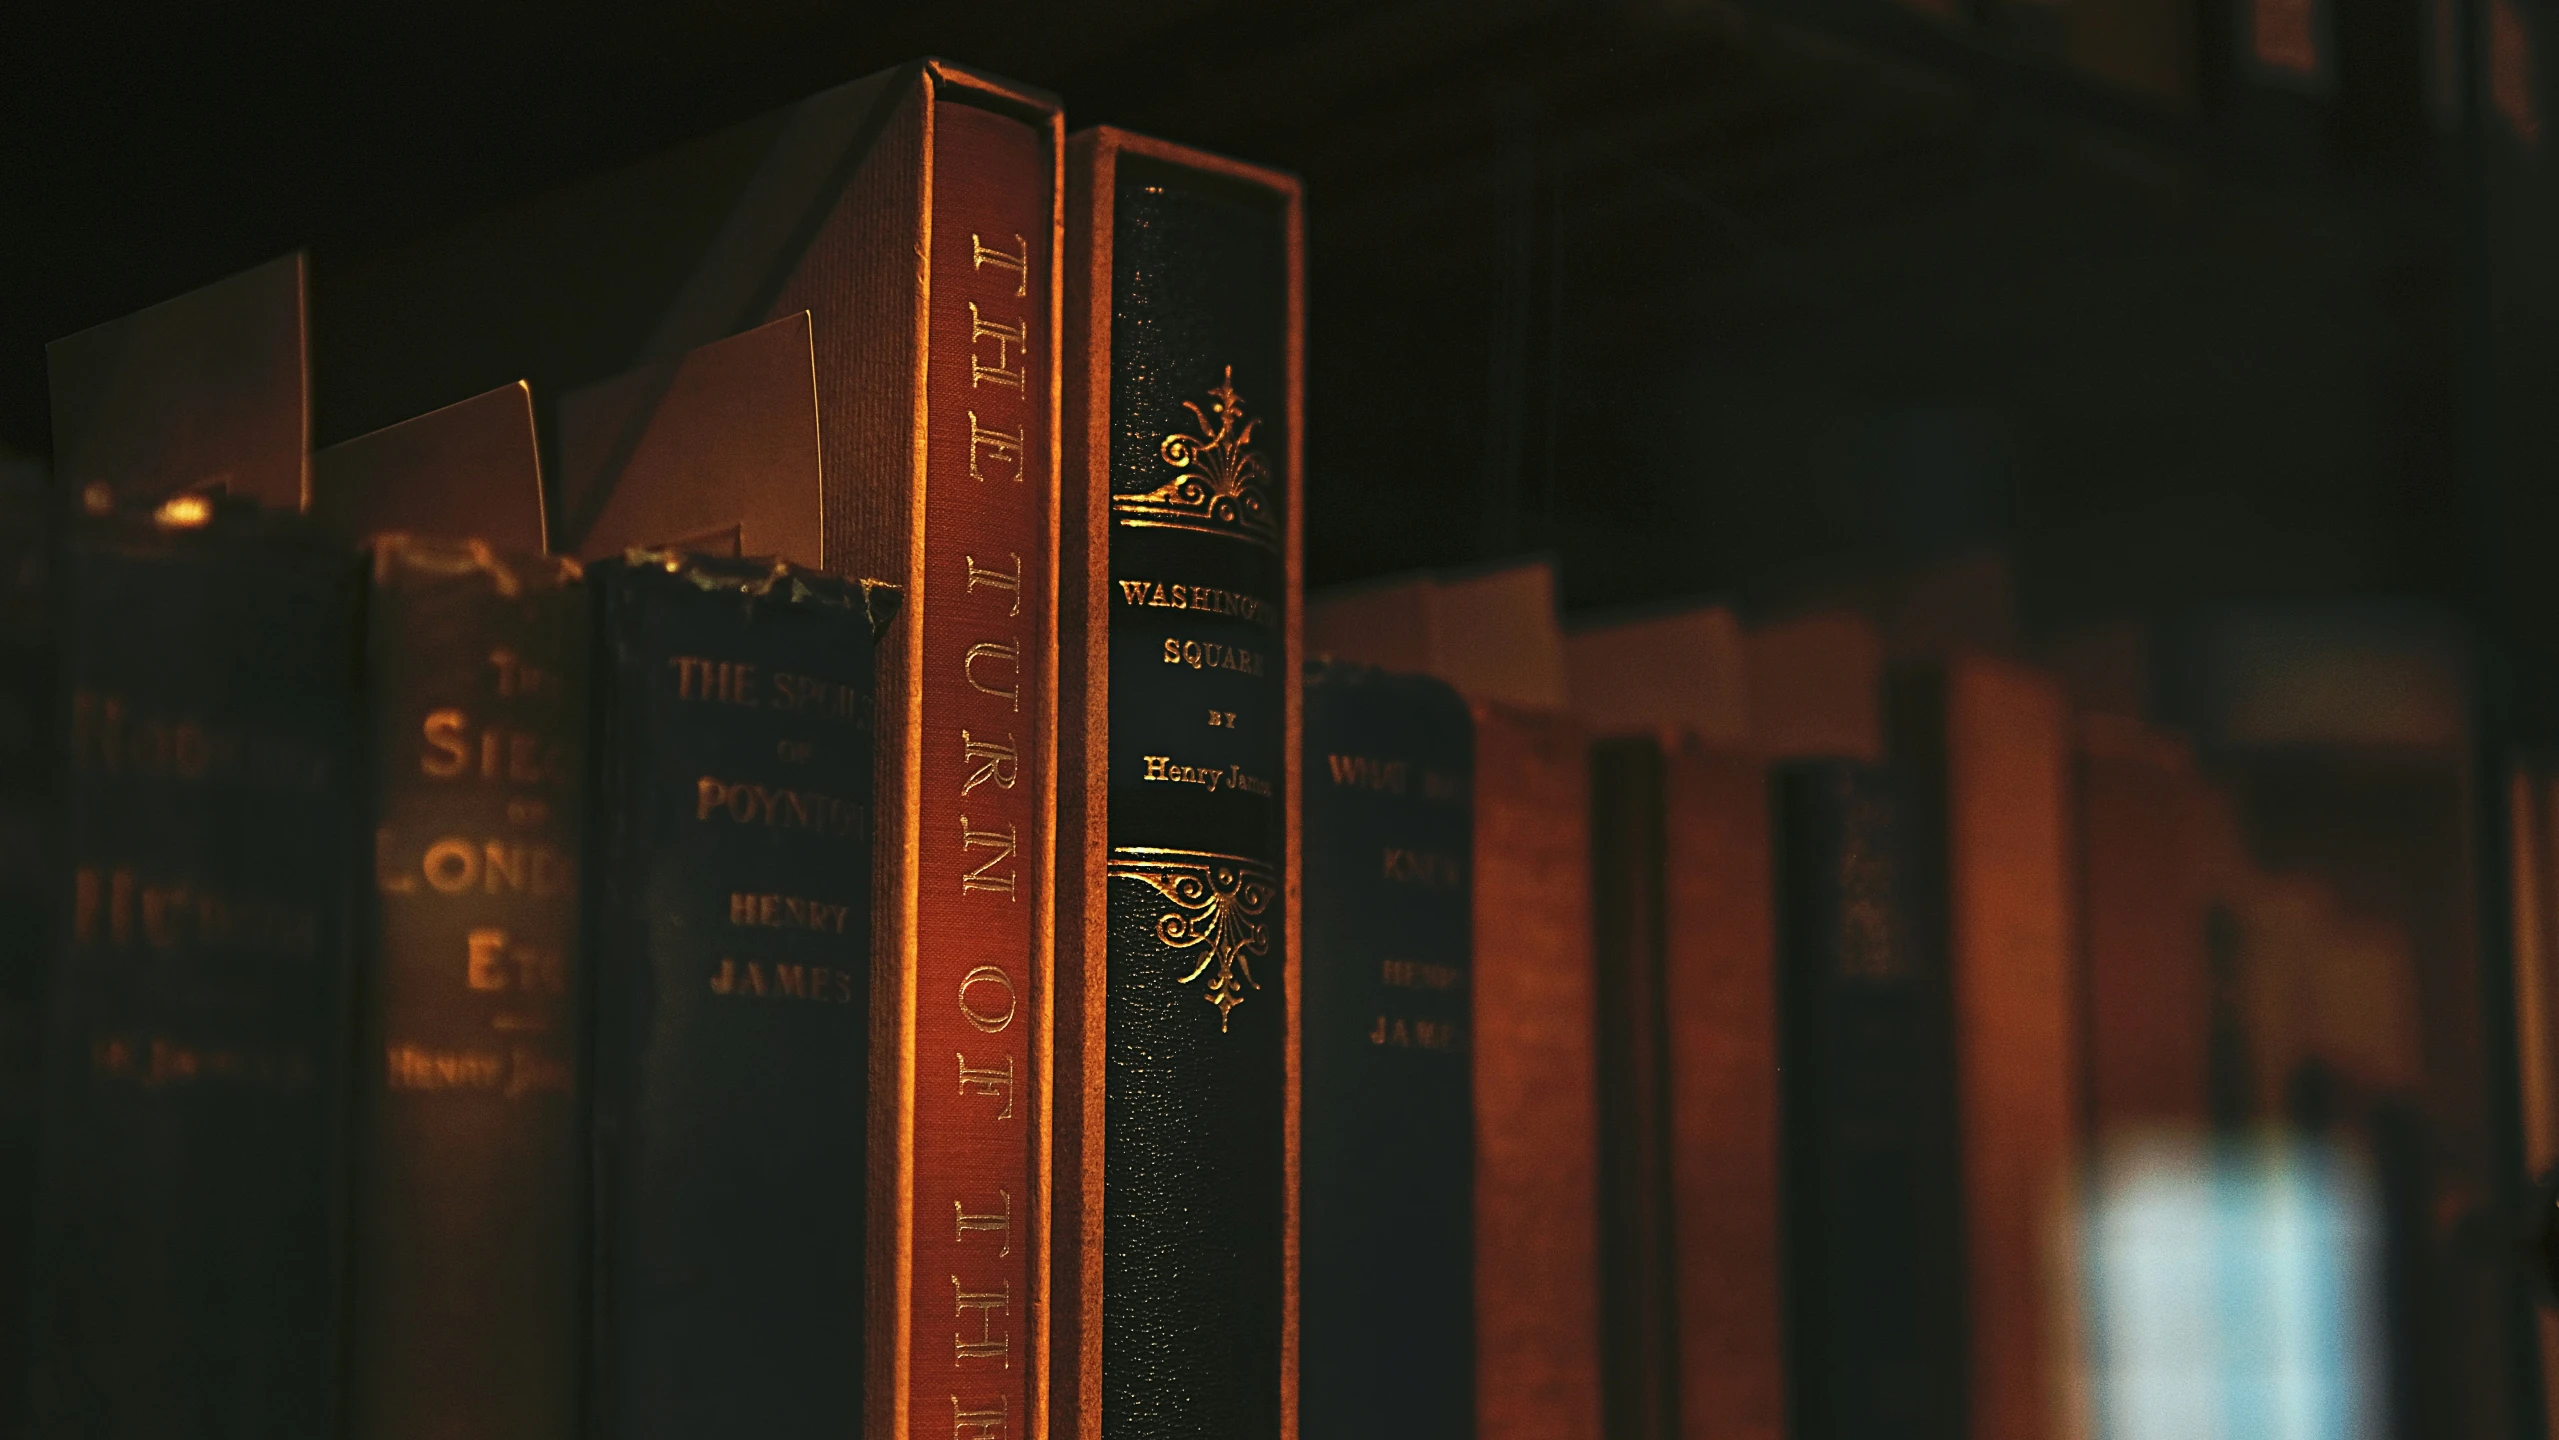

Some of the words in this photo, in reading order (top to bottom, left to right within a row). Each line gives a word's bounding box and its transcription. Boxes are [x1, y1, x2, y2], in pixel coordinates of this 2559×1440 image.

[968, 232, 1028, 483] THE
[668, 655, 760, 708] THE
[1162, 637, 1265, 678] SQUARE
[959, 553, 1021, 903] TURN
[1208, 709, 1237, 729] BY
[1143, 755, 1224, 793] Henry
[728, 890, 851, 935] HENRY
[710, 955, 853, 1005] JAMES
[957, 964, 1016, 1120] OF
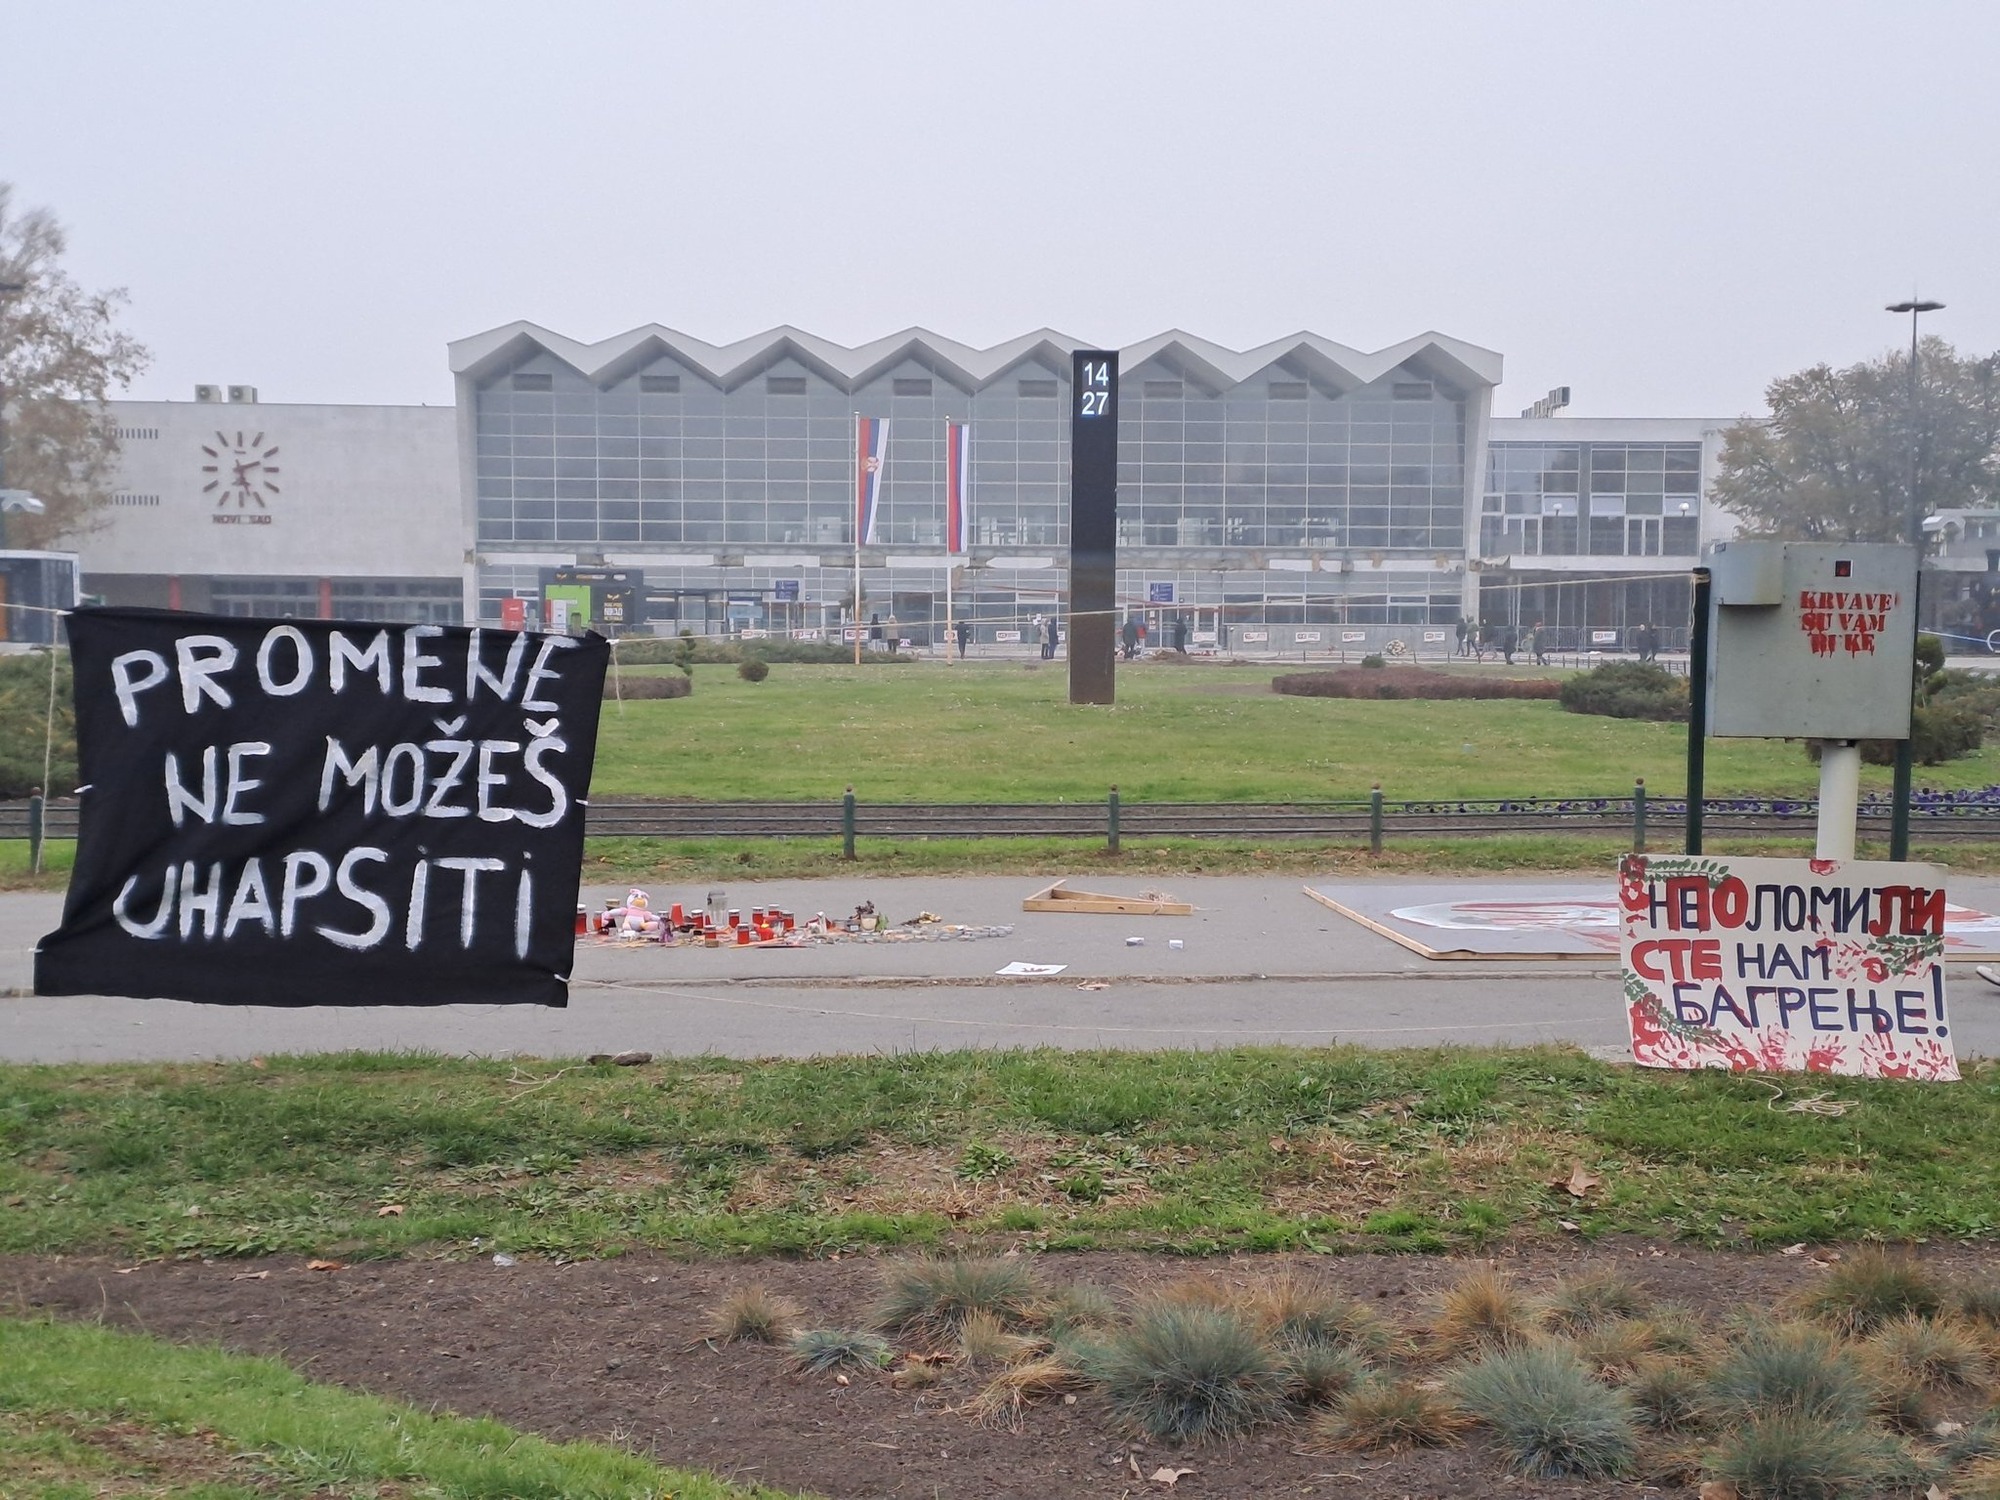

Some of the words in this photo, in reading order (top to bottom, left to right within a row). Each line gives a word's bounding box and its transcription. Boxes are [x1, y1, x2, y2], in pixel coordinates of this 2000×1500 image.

WHAT YOU WILL DO:
A faithful copy is needed: reproduce all of the data above, leaving the pictures out.

ANSWER SPACE:
Some of the words in this photo, in reading order (top to bottom, left to right within a row). Each line gives a word's bounding box and its transcription. Boxes are [x1, y1, x2, y2], in pixel coordinates of this 2559×1440 image.

[968, 232, 1028, 483] THE
[668, 655, 760, 708] THE
[1162, 637, 1265, 678] SQUARE
[959, 553, 1021, 903] TURN
[1208, 709, 1237, 729] BY
[1143, 755, 1224, 793] Henry
[728, 890, 851, 935] HENRY
[710, 955, 853, 1005] JAMES
[957, 964, 1016, 1120] OF

Some of the words in this photo, in reading order (top to bottom, left to right within a row). Each line gives a word's bounding box and its transcription. Boxes are [x1, y1, x2, y2], in pixel coordinates of this 2000×1500 image.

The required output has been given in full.